Why should books and stories of animals be a must-have?
Animals are something children connect to very quickly, from their earliest days. Barking, miauing, and mooing are some of the first sounds that children learn to pronounce. Every visit to a grandmother in the village or a neighbor who raises a small cow for the kids is a truly exciting event. Also, if you were to ask children what was the most fun they’ve ever done, a family visit to the zoo would surely be in the top five most common answers. From an early age, children are fascinated by animals, their voices, and their movements. They often develop special relationships with them and learn to love and empathize with them.
At the same time, animals are also symbols of human nature. The fox is wise and cunning; the wolf is evil and a tyrant, the lion is the ruler, the rabbit is naive, the ant and the bee are diligent, the cricket is lazy, etc. Every fable has a lesson at the end (of course). With the lesson, the writer wants to show how some human traits (through the characters of animals) are good and desirable, while others are undesirable. Below are some more advantages of reading books about animals to your children.
Developing and boosting communication skills
Listening is the first language activity that children encounter, long before they have learned to speak. It is through listening to animal stories that the child enriches their vocabulary and creates a connection between sounds and the meaning of words. When listening to the parent’s voice, the child learns how each word should be pronounced and what it means. In addition, by regularly listening to animal stories, a certain vocabulary enters the child’s subconscious more and more. For example, if stories related to the animals are often read to it, the child will over time very easily recognize which actions are related to which animal. Thus, it will be encouraged to talk about them even when the book is not in sight.

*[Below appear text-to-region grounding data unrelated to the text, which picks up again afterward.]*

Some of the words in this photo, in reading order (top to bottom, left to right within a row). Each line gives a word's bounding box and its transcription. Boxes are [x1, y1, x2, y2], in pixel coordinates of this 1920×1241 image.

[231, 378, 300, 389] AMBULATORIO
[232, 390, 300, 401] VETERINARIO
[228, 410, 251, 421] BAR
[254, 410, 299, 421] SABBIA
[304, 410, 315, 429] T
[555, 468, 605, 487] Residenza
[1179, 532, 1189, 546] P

Educational picture books and stories of animals often talk about feelings that are an integral part of children’s lives. They regularly express basic human feelings such as happiness or sadness, and characters make it easier for a child to understand them. When it focuses on a certain character who is experiencing periods of sadness, the child will not feel as if he alone is being exposed but will hear about the feelings through the characters’ adventures. After reading, it is easier for it to talk about what, for example, the character experienced in kindergarten, than about that alone. But that will help it to open up and understand and express its feelings more easily.
Developing focus on an action
Each reading or telling of an animal story takes a certain period of time (but it is not recommended for more than 10 to 15 minutes at a time), which requires the child to learn to focus on a specific action. While listening to the story, the child will learn how to be present and how to really hear the story, without playing with toys, bothering the pet, or something else. Of course, the learning process will take time, but this will help him in later childhood to develop focus on any activity, both in school and outside it.
Encouraging critical thinking
A child should be taught critical thinking from an early age. Animal stories are a great way to do this by talking about the text you read. After each reading or telling of a story, it is necessary to discuss its content and the actions of the characters with the child. At the same time, it is important to ask open-ended questions, that is, those that ask for an answer that goes beyond a simple confirmation or denial.
Ultimately, listening to animal stories strongly encourages the development of children’s imagination. The characters in the stories and fairy tales have a touch of fantasy in them, which will encourage the child to explore the limits of what is possible. In addition, after listening to the story, you can offer the child other activities that will necessarily require it to use its imagination and brain cells. For example, you can ask to draw a certain animal from the story, to think about how to change the end of the story or add a new character to it, or you can encourage it to prepare a real small dramatization of the story for the rest of the family, i.e. a play based on the story. The possibilities for playing, are endless.